But the current message on our blocks has remained unchanged for a while now—almost since that December post. In fact, I think this is the longest running message we’ve had without some sort of interference at the hands of the teenagers in the house. But that’s because this message is special; it was created in a deeply emotional moment—one that we all survived—and no one has the heart to disturb it.

It was the night my dad passed away; the children had gone to bed, and I couldn’t sleep. I was gathering all of the items we would need for an indefinite amount of time away from home, but I was directionless. I sat down on the floor of the living room, and in a mess of tears, I composed the message—Love to Heaven—tracing the letters with my finger.

My children didn’t see the new message until we returned from our time away. “Look what Mrs. L did with our blocks!” they summoned me into the room. Mrs. L is the neighbor who had been feeding our cats and taking in our mail while we were away. I went into the living room and looked to the top of the shelf.

I half smiled to myself. “No,” I told the kids. “I did that. I wrote that message the night before we left, while you were all sleeping.” I turned away and went back to the kitchen, hiding the tears that now flow freely and often.
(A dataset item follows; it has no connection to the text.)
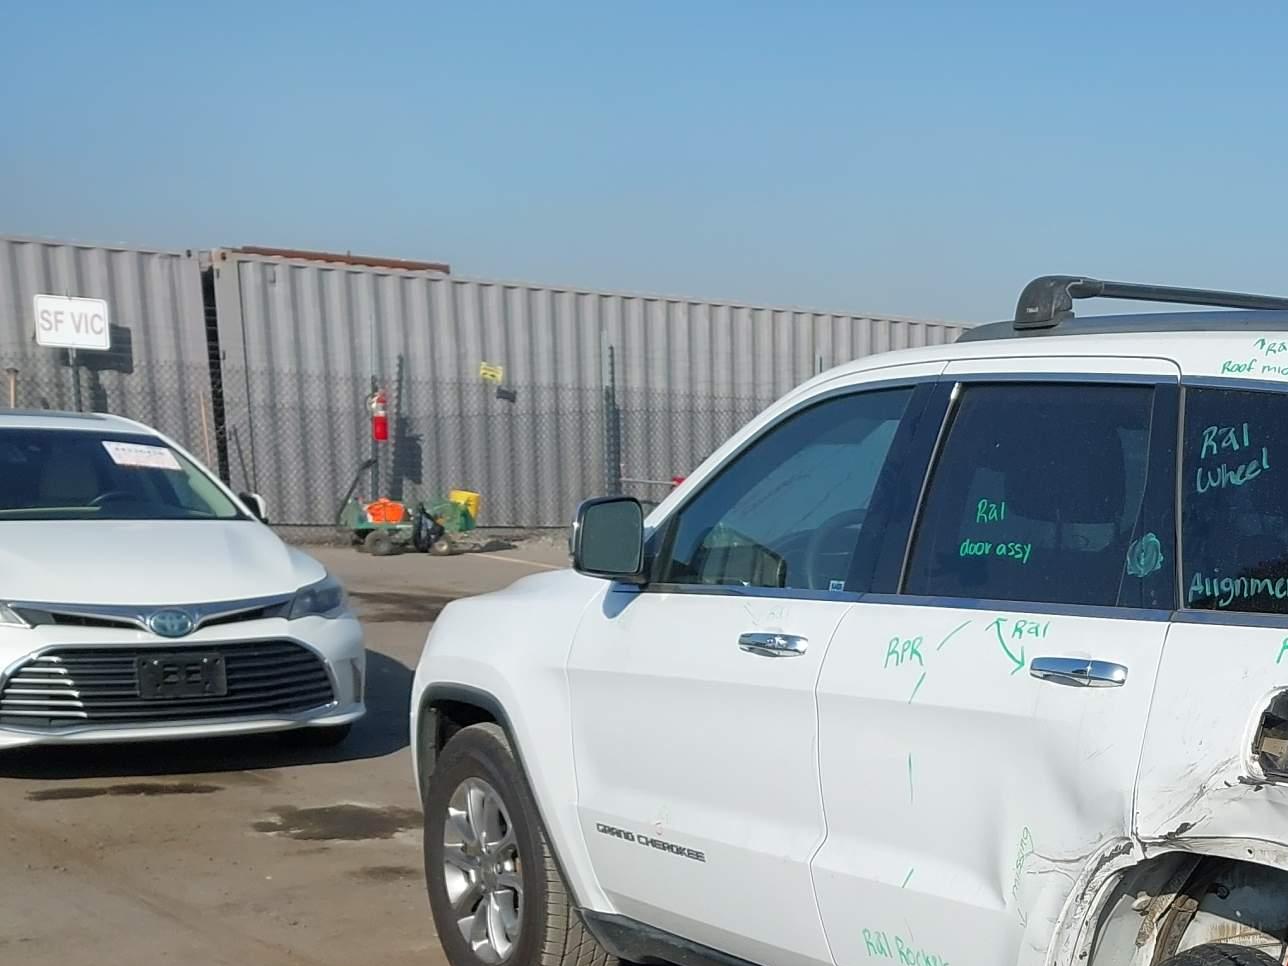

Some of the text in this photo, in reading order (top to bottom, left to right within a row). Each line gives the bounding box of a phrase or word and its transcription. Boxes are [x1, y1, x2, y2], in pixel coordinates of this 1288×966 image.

Those moments, nearly five months ago now, they were a time of deep and pervasive sorrow. And while grief remains with me, it has found pockets in my life where it can emerge safely—when I am alone in the car, in the morning when I get ready for my day, in the evening when I prepare dinner. And there are also the sneak attacks that take me by surprise, and probably always will.
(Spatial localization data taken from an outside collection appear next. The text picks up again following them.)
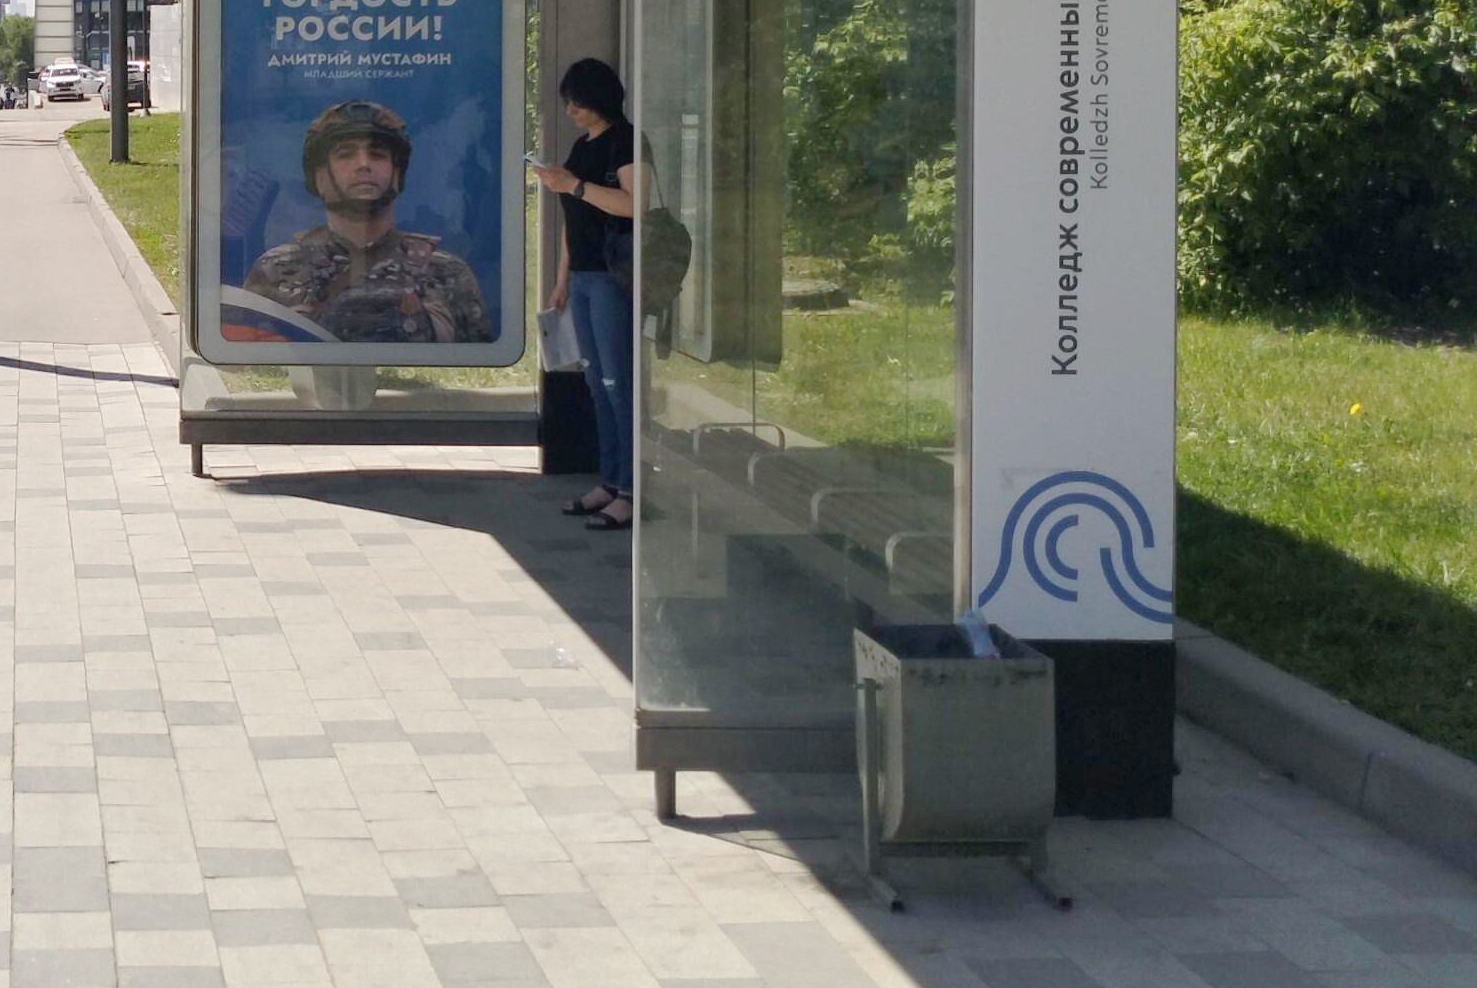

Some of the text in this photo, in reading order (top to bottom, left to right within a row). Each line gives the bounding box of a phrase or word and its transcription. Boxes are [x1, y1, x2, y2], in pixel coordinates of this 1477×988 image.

[275, 15, 443, 42] РОССИИ!
[267, 49, 453, 68] ДМИТРИЙ МУСТАФИН
[303, 68, 416, 79] МЛАДШИЙ СЕРЖАНТ
[1089, 92, 1109, 190] Kolledzh
[1050, 222, 1083, 376] Колледж
But the message has served its purpose of comfort to all who read it. And now, perhaps maybe we could use these blocks—as we have in the past—to summon the resistant summer weather. With reluctance, I will change this long-standing message. It will take courage to sit on the floor, dismantle the words, and scramble the blocks. I will remember the last time I turned these blocks in my hands to find just the right letters—the moment when creating the perfect message was so very important.

Smiles

I sometimes forget how much I appreciate living with creative individuals—they infuse my life with happiness and humor.

This weekend, my children left on Friday for a visit with their father. On Saturday morning, I picked up the watermelon I had gotten earlier in the week and was getting ready to cut it. The “paid” sticker from the grocery store (really, just a circle of bright color) had lines in it, and I bent closer to see what was in it. Smiling back at me was a cute little face that was radiating happiness. I have no idea which of my creatives drew the face—they did it when I wasn’t looking—but whoever did it knew I would see it.

These are the simple things that make me smile.

High School Awards

Because this morning, I was grappling with how I would address this topic–one that is so important–I am reblogging this excellent post: http://www.karensargentbooks.com/blog/kid-doesnt-get-award/

A Mom’s Reflections on High School

When I was a teenager, I attended high school. Well, you’re thinking. Didn’t we all?

Yes, we did. But recently, I have become convinced that many of us block out the truth of our high school experience—the feelings of being a lone boat adrift on an endless sea—and that is a distinct barrier to effectively parenting our teenage children.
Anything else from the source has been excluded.